=== Directions for this task ===
Each entry should be restated word for word, with all pictures left out.

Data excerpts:
== Segment start ==

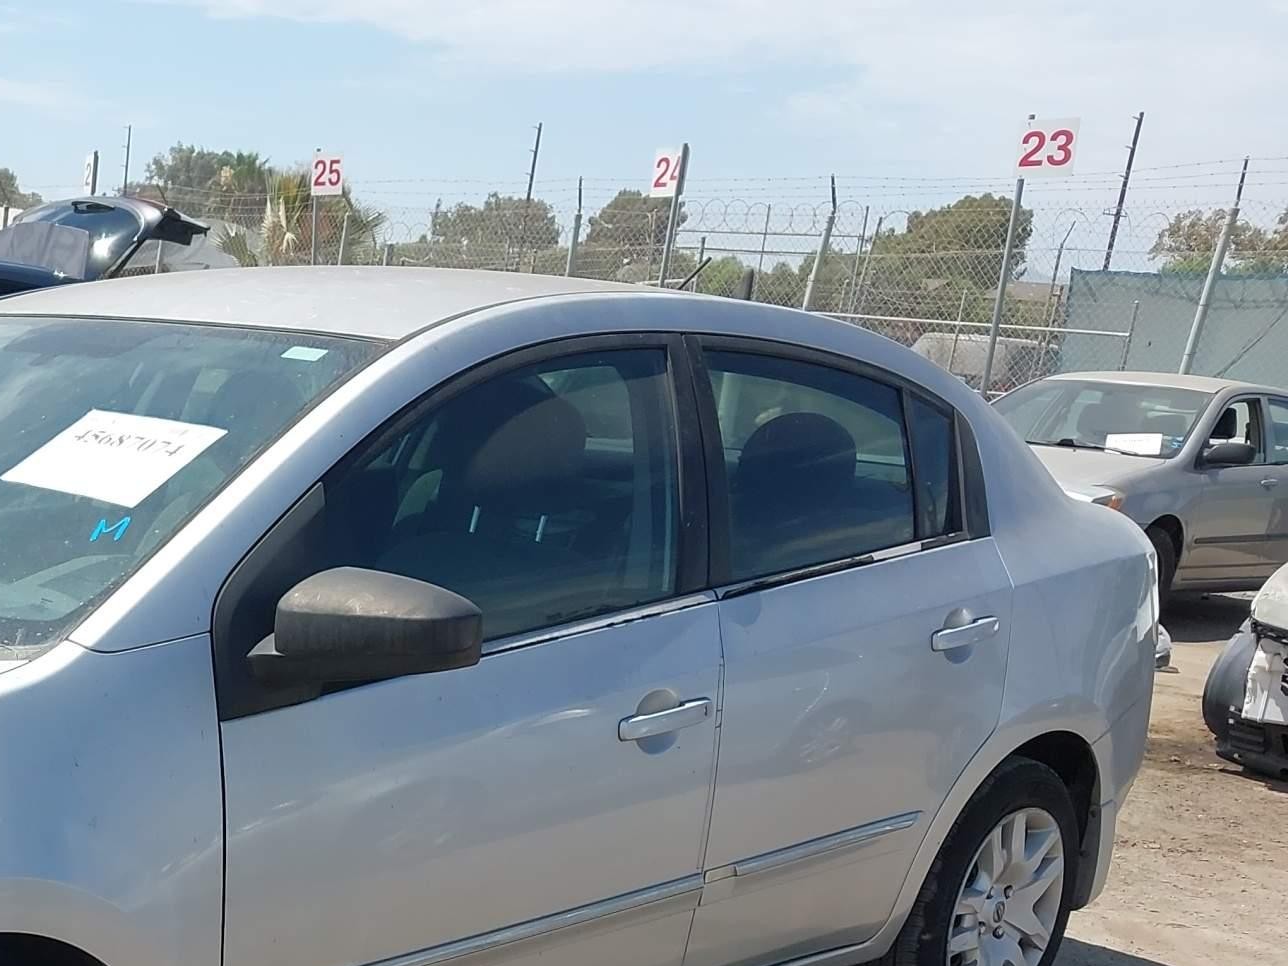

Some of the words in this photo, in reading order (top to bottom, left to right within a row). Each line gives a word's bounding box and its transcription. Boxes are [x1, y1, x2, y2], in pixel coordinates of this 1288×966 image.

[1018, 129, 1074, 167] 23
[85, 162, 92, 187] 2
[314, 160, 341, 187] 25
[74, 429, 185, 457] 45687074
[89, 516, 131, 542] M

== Segment end ==

=== Solution to this task ===
Some of the words in this photo, in reading order (top to bottom, left to right within a row). Each line gives a word's bounding box and its transcription. Boxes are [x1, y1, x2, y2], in pixel coordinates of this 1288×966 image.

[1018, 129, 1074, 167] 23
[85, 162, 92, 187] 2
[314, 160, 341, 187] 25
[74, 429, 185, 457] 45687074
[89, 516, 131, 542] M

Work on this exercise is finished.